18 September 2019 | 2 min.
With very low interest rates, real estate is in a sweet spot. Investors’ search for yields continues and has intensified with the latest fall in interest rates. This intensity is being felt in real estate pricing, however. Yields have been compressing for years and favourable yield gaps will swiftly turn into reasonable or unfavourable pricing. We therefore expect rental growth to drive returns for the forthcoming years. With this in mind, the selection of (sub)markets and assets becomes more critical: which investment has strong enough fundamentals to endure economic headwinds?
In the remainder of this article we will explain our approach to ensuring perpetual value.
In our acquisition and hold-sell processes, we use two state-of-the-art tools to assign a market ID to every asset of interest and every asset in our portfolio. We differentiate between market and asset tooling.

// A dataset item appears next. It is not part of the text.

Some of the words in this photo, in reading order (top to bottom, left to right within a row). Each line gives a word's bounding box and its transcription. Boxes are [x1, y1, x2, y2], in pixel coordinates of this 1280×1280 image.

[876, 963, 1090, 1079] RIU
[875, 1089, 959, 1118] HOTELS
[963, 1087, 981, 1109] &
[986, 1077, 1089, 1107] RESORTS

For the market score, we rank the long-term fundamentals of municipalities. We collect, weigh and score demographic, economic and real estate investment market indicators. Where they are available, we use forecasts and we incorporate current relevant indicators such as the affordability of housing. At this stage we develop an initial idea of where to find resilient real estate returns. In this picture, the blue colours represent a high residential market score. Grey colours represent lower scores.
Asset assessment is just as important as (sub)market analysis. For our asset score, we weight and rank the characteristics of a specific asset. For our high street asset score, we value unit usability, tenant stability, footfall and accessibility.

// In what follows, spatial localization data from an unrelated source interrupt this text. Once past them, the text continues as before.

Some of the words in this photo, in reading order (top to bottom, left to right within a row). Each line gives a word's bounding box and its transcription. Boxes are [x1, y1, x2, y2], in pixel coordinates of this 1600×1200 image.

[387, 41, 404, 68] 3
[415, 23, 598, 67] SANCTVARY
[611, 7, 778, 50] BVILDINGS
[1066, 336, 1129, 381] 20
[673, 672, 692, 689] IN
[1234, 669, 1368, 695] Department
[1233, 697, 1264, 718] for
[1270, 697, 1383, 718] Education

For every asset we have ready-made scores and factsheets. Dark blue assets are equivalent to high asset scores.
Although the availability of data and know-how is progressing rapidly, real estate remains a class of its own. We see the Market ID score as an efficient starting point for a discussion. However, you can only evaluate the total perpetual value of assets by discussing qualitative aspects like the appeal of the building, its history and the quality of public space with several real estate experts.